Latin American stocks and currencies roared higher on Monday, with Brazil shares rising 3.5% as commodity prices surged on hopes of economic recovery as countries eased pandemic-induced lockdowns.
Encouraging data from a COVID-19 vaccine trial by U.S. drug-maker Moderna added to the optimism, bolstering Wall Street's rally. Despite worrying rises in the number of new cases in emerging markets, especially Brazil, and simmering U.S.-China trade tensions, an index of Latam stocks jumped 4.3%. Its currency counterpart surged 1% after both indexes ended lower last week.
Oil firms Petrobras and Ecopetrol climbed between 3.1% and 7.2% as crude prices rose, while iron ore miner Vale rallied 6.3% for its best day in 10 months.
Currencies of oil exporters Brazil, Mexico and Colombia firmed between 1.3% and 1.5%, with the Mexican peso touching a more than four-week high.
Chile, the world's largest producer of copper, saw its peso climb 1%, while stocks were on track for their biggest one-day gain in three weeks. Copper prices surged almost 2%.
Outbreak hot-spots such as Italy reopened shops and restaurants, while New York and Spain plan to lift restrictions gradually.

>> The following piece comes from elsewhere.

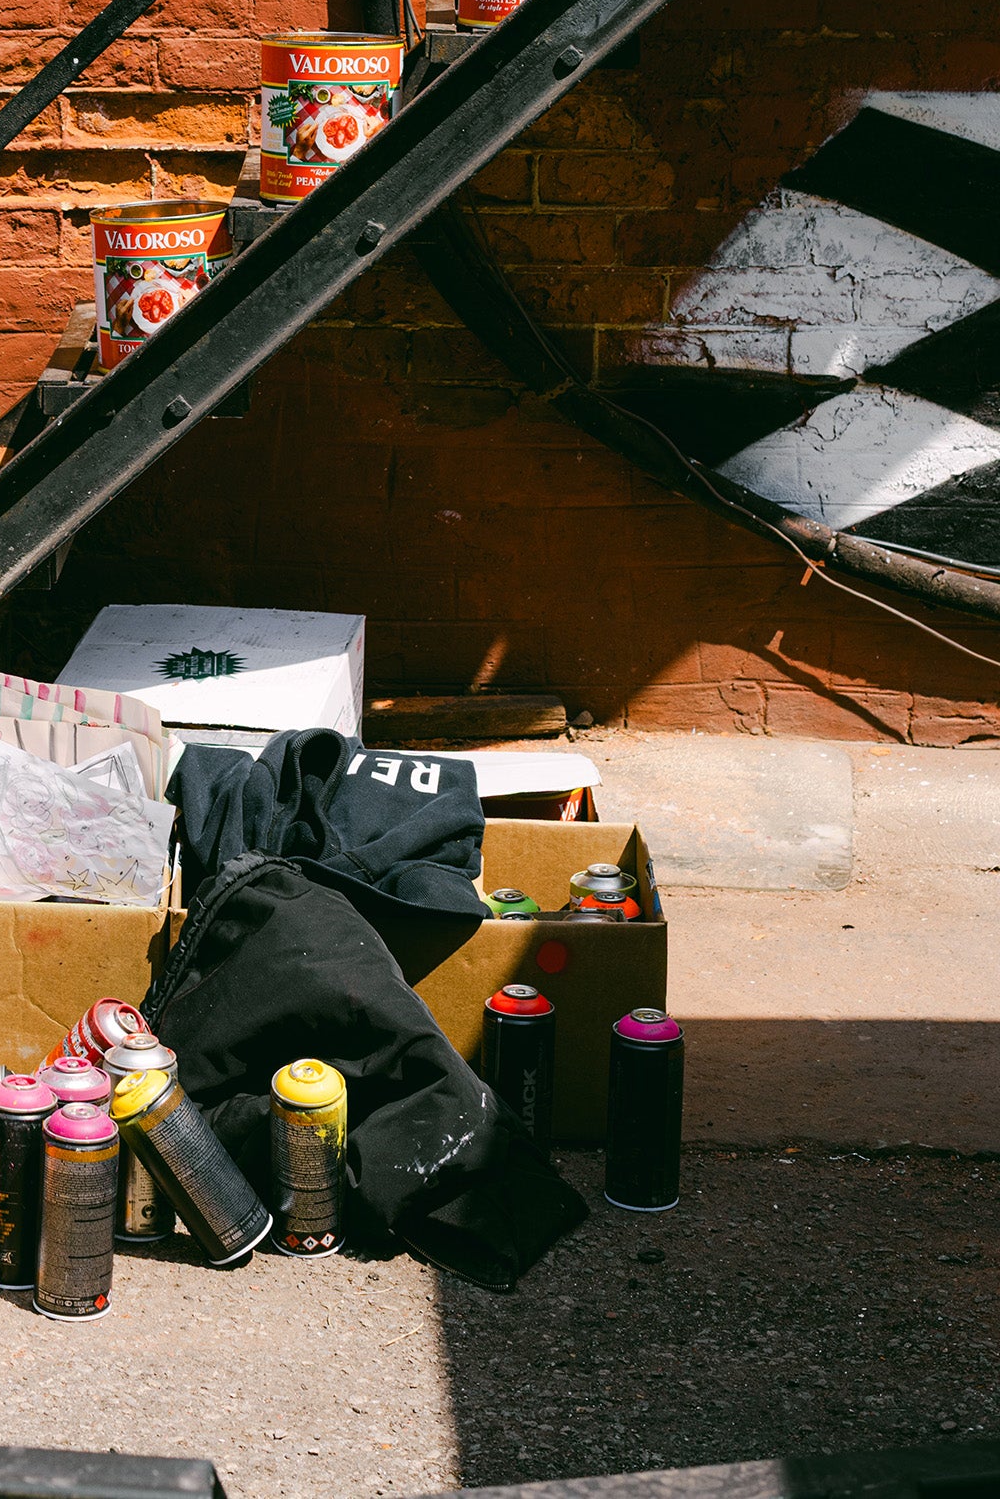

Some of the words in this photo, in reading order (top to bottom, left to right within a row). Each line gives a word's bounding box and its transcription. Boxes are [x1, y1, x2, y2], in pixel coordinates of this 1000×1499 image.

[288, 53, 390, 75] VALOROSO
[296, 176, 321, 187] PEAR
[104, 228, 205, 250] VALOROSO
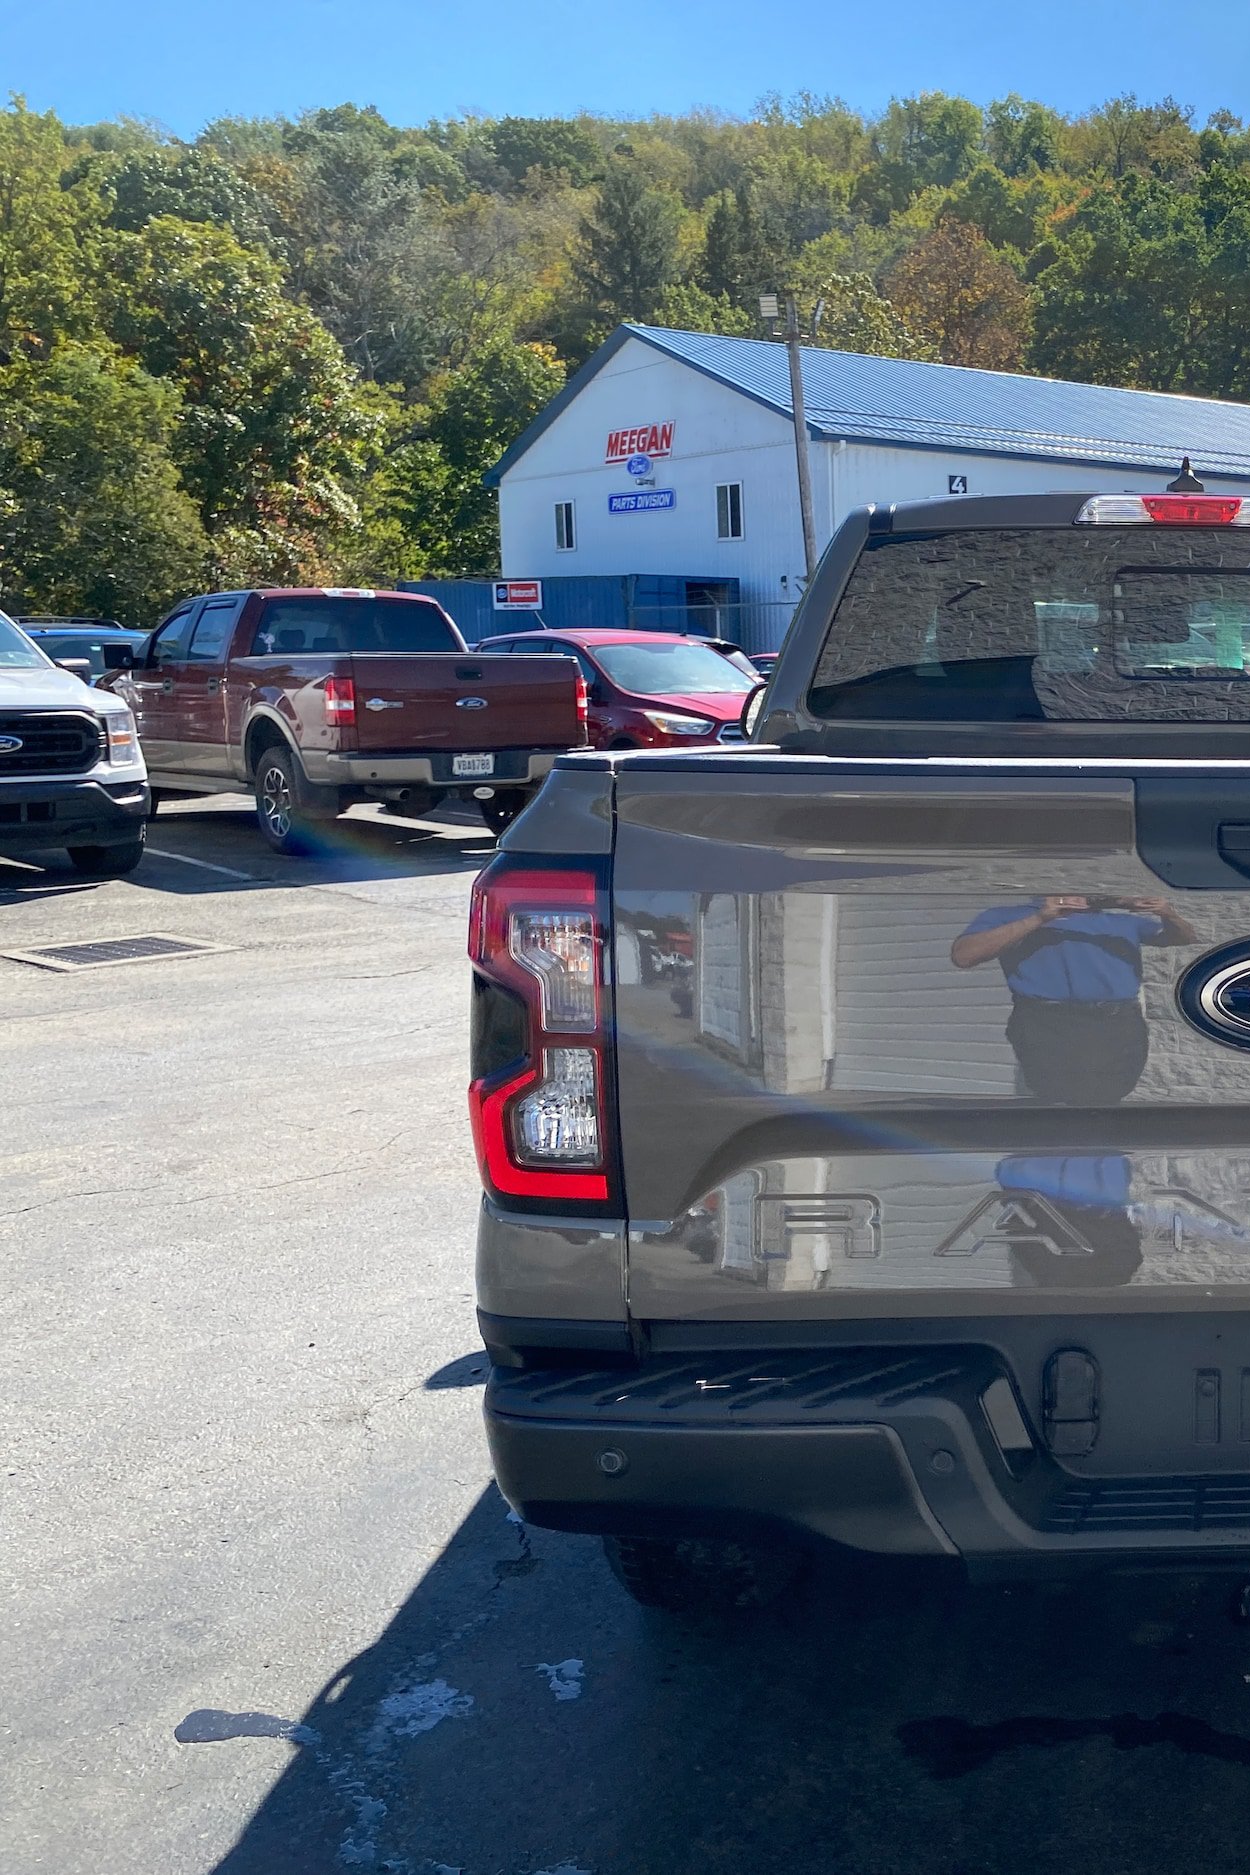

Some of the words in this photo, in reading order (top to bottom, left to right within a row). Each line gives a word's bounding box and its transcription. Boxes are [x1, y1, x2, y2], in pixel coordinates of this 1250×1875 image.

In Mexico, automotive, mining and construction sectors will be told in 72 hours if they can resume operations the government said.
But the regional picture remained grim, with a central bank survey showing Brazil's economy is expected to shrink by more than 5% this year.
The political scenario in Brazil remained precarious too, with health minister Nelson Teich resigning on Friday, as he and President Jair Bolsonaro showed themselves increasingly out of step, with Bolsonaro calling for a rollback of state quarantines and for the widespread use of unproven drugs, such as chloroquine, to fight the virus.
This increases uncertainty about how the pandemic will develop in Brazil and how it will affect the economy, and the BRL is therefore likely to remain under depreciation pressure for the time being, said Commerzbank analyst You-Na Park-Heger.
Teich is the second minister to leave a post in Bolsonaro's government after Justice Minister Sergio Moro quit last month over differences with the president.
Argentina's peso marked a fresh low against the dollar with risk of a sovereign debt default looming. Argentina received three new counter-offers from creditors late on Friday with the deadline to restructure US$ 65 billion in foreign debt lapsing on Friday.
We believe the authorities will continue to signal progress in the negotiations, with talks continuing after the aforementioned deadline, to limit the economic impact of a default, said analysts at Citi Research.